[Supplied records — start]

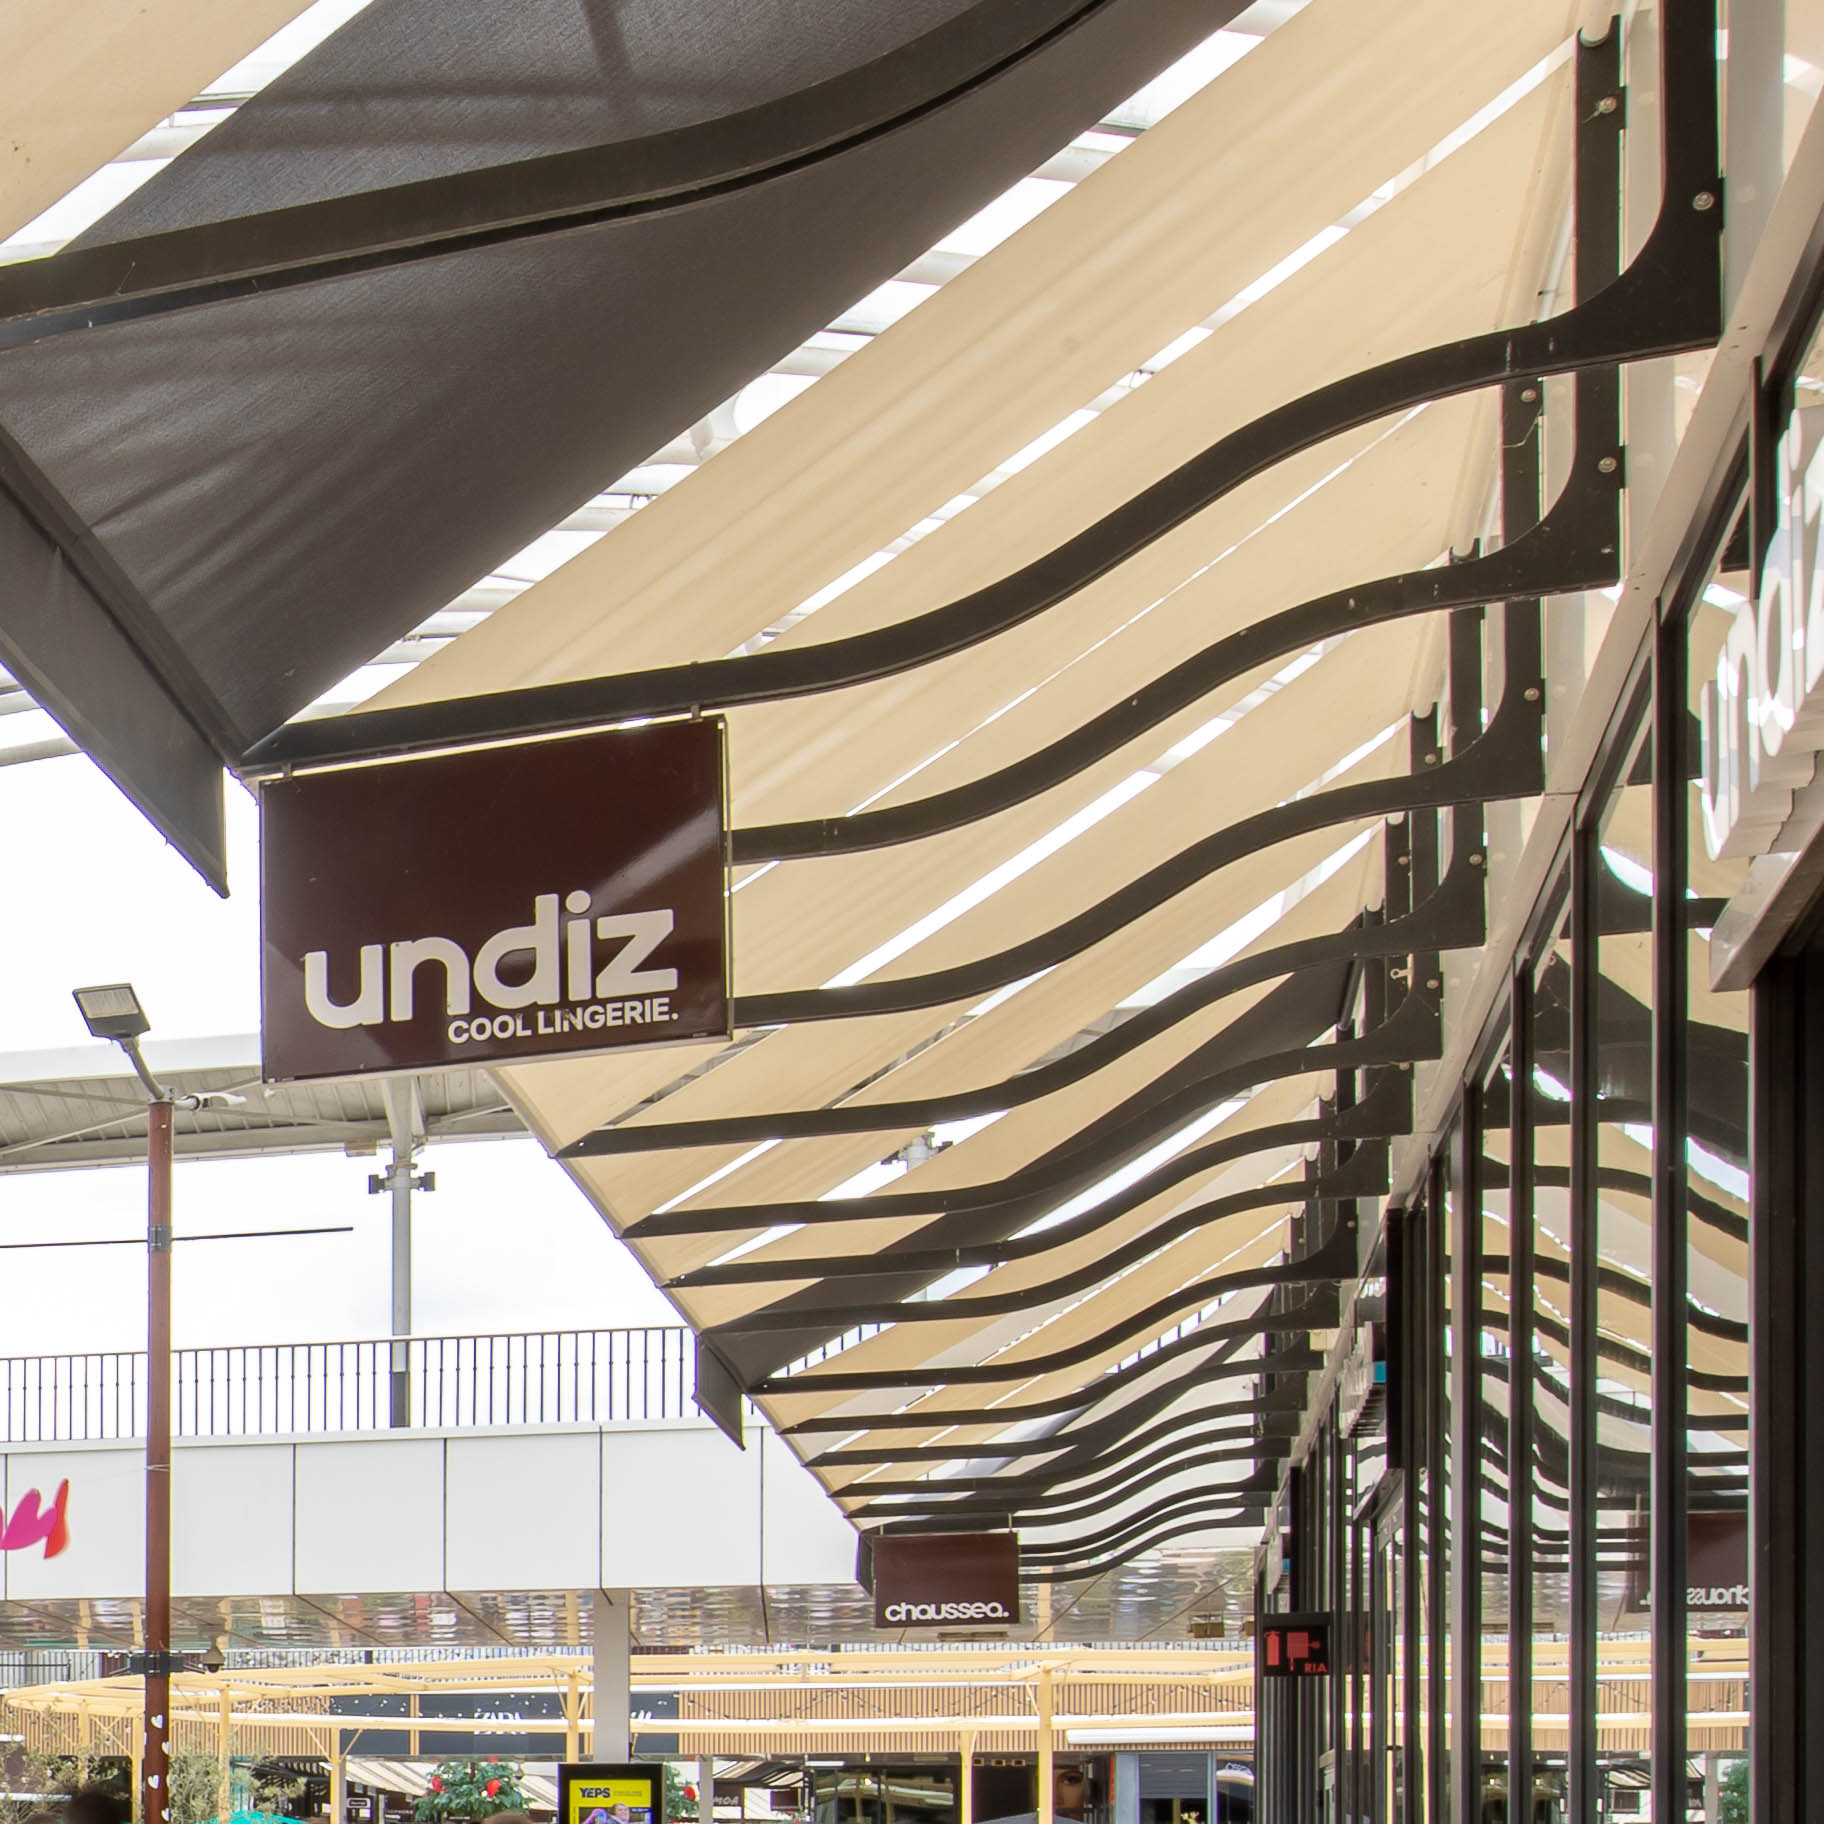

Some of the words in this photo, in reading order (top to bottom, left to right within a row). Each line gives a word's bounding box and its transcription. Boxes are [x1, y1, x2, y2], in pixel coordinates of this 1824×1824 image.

[304, 889, 679, 1029] undiz
[447, 1011, 533, 1044] COOL
[538, 996, 679, 1036] LINGERIE.
[1304, 1663, 1328, 1673] RIA
[579, 1787, 611, 1798] YEPS

[Supplied records — finish]

> **Exercise**
Print the records above exactly as they stand, but leave out the pictures.

> **Response to this task**
Some of the words in this photo, in reading order (top to bottom, left to right within a row). Each line gives a word's bounding box and its transcription. Boxes are [x1, y1, x2, y2], in pixel coordinates of this 1824×1824 image.

[304, 889, 679, 1029] undiz
[447, 1011, 533, 1044] COOL
[538, 996, 679, 1036] LINGERIE.
[1304, 1663, 1328, 1673] RIA
[579, 1787, 611, 1798] YEPS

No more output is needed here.